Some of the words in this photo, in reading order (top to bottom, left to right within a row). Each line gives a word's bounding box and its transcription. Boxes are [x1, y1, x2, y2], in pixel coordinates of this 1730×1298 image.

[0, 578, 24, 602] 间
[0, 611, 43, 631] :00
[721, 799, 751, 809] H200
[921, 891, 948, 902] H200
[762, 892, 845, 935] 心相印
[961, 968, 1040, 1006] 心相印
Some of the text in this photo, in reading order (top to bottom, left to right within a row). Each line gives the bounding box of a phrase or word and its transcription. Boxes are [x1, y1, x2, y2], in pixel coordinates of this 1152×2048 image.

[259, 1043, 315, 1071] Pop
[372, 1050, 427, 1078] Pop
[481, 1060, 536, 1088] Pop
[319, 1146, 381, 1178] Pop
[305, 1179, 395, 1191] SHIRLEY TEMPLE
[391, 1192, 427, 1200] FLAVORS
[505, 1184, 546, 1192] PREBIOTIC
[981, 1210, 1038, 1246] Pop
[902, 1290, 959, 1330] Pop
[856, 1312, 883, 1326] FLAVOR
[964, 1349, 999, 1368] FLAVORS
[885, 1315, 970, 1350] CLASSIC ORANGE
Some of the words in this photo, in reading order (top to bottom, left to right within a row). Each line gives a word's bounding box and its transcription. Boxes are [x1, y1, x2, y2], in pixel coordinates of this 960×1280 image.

# # # #

§ **What you will do**
Return the records in their entirety. Keep every character as it is.

§ **Output**
Some of the words in this photo, in reading order (top to bottom, left to right within a row). Each line gives a word's bounding box and its transcription. Boxes are [x1, y1, x2, y2], in pixel coordinates of this 1730×1298 image.

[0, 578, 24, 602] 间
[0, 611, 43, 631] :00
[721, 799, 751, 809] H200
[921, 891, 948, 902] H200
[762, 892, 845, 935] 心相印
[961, 968, 1040, 1006] 心相印
Some of the text in this photo, in reading order (top to bottom, left to right within a row). Each line gives the bounding box of a phrase or word and its transcription. Boxes are [x1, y1, x2, y2], in pixel coordinates of this 1152×2048 image.

[259, 1043, 315, 1071] Pop
[372, 1050, 427, 1078] Pop
[481, 1060, 536, 1088] Pop
[319, 1146, 381, 1178] Pop
[305, 1179, 395, 1191] SHIRLEY TEMPLE
[391, 1192, 427, 1200] FLAVORS
[505, 1184, 546, 1192] PREBIOTIC
[981, 1210, 1038, 1246] Pop
[902, 1290, 959, 1330] Pop
[856, 1312, 883, 1326] FLAVOR
[964, 1349, 999, 1368] FLAVORS
[885, 1315, 970, 1350] CLASSIC ORANGE
Some of the words in this photo, in reading order (top to bottom, left to right within a row). Each line gives a word's bounding box and its transcription. Boxes are [x1, y1, x2, y2], in pixel coordinates of this 960×1280 image.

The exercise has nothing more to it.